December 2014 saw the 60th anniversary of the Young Sun Specials, and to mark the occasion a series of special events were planned, including 14A masquerading as 3A, the engine which hauled these trains back in 1954. Name and works plates were removed, headlights taken off, and the engine “dirtied up” to more closely resemble the unkempt VR narrow gauge of the fifties.
Here the loco is shown over the wheel drop pit, following the discovery that one of the trailing pony truck axle boxes was found to have ‘run hot’ (the bearing and axle overheating); interference, wear, foreign bodies or a lubrication failure being the most common causes.

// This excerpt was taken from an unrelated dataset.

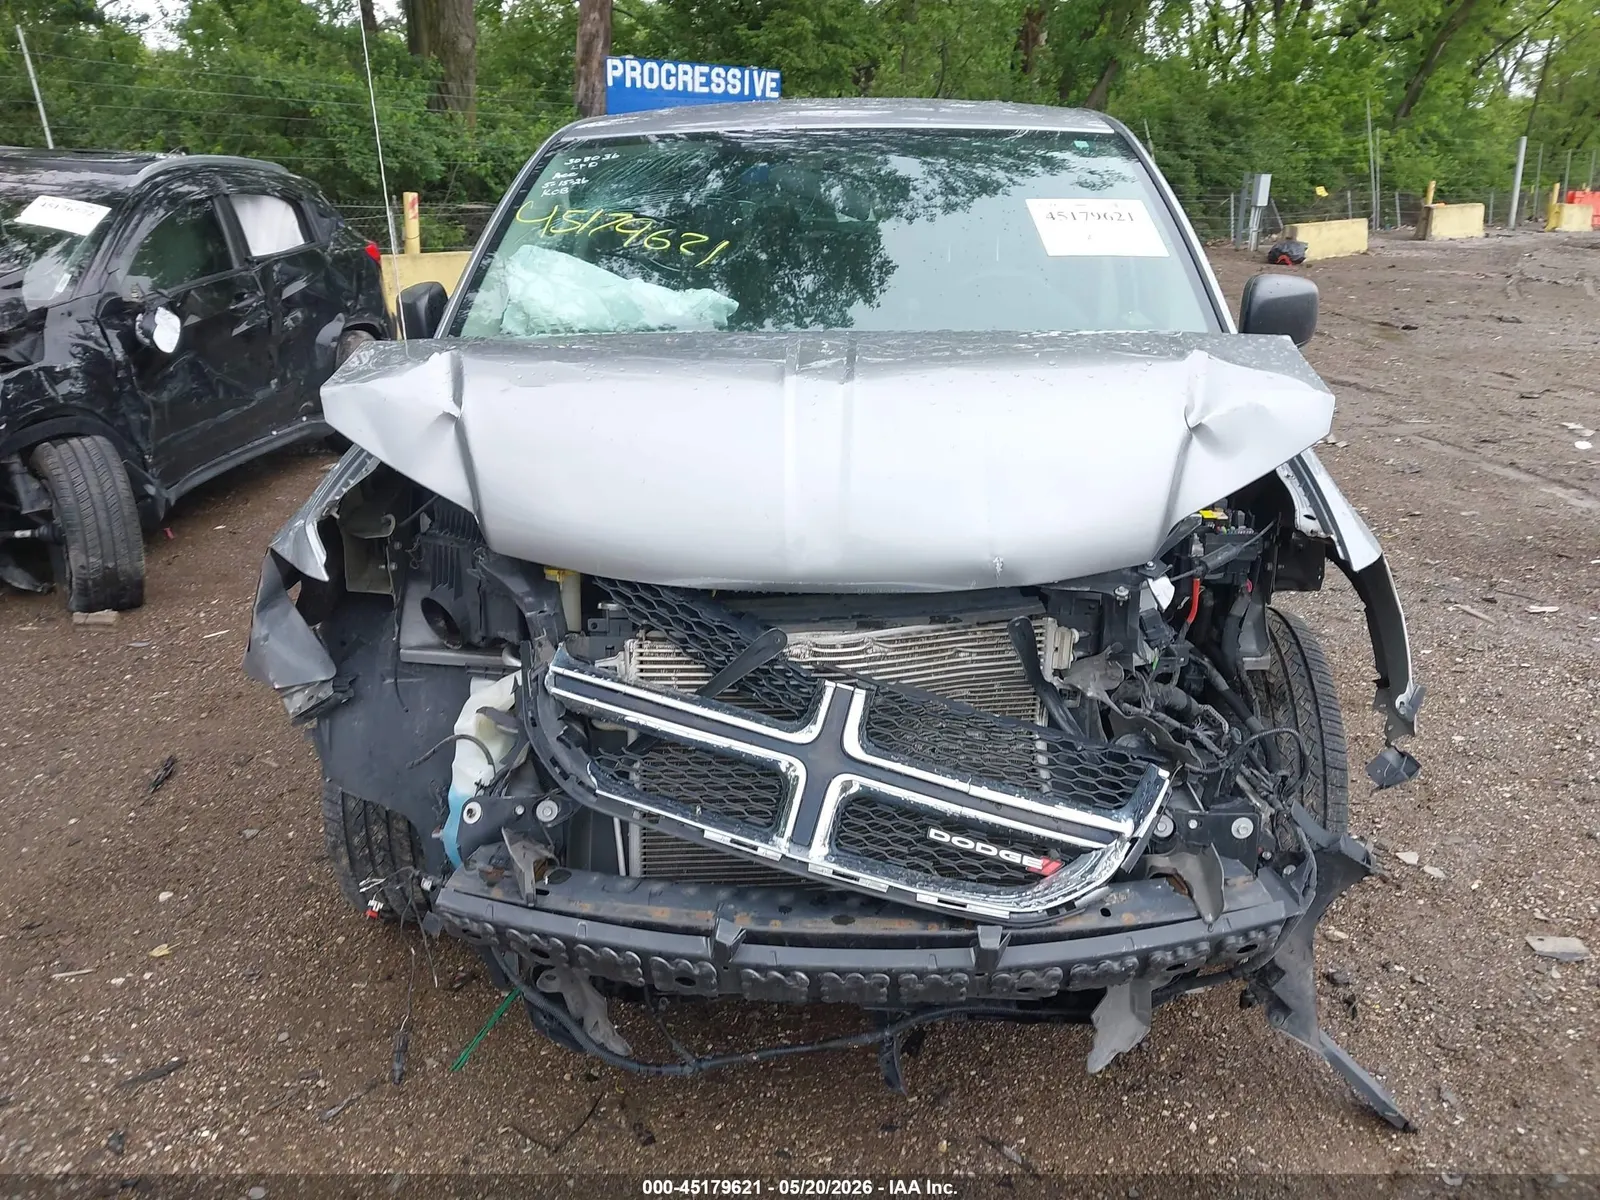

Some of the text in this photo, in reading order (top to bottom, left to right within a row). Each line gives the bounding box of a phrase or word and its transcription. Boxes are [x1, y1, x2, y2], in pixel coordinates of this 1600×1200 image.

[606, 58, 781, 98] PROGRESSIVE
[515, 200, 730, 268] 45179621
[1045, 210, 1135, 223] 45179621
[928, 827, 1044, 871] DODGE

The Wheel drop pit has been specially designed and built to allow wheelsets to be quickly and easily removed from under the locomotive without the need for laborious jacking and packing operations.
The photo above shows the axle lift trolley. With the locomotive positioned with the wheelset in question over the drop pit, the process would be as follows:
- The locomotive is supported on jacks at each end.
- Axle jack trolley is positioned under the axle, and the hydraulic jack used to take the weight off the wheels.
- Bolts/Pins securing axle box cellars are removed.
- Swinging rail sections (painted yellow) are released, and swung away from the pit.
- The Axle jack is carefully lowered, dropping the wheelset into the pit.
- Clear of the locomotive, the axle jack trolley is moved sideways, out from under the locomotive.
- In the light, the wheels/axle can be inspected, and, if required, craned out for further work.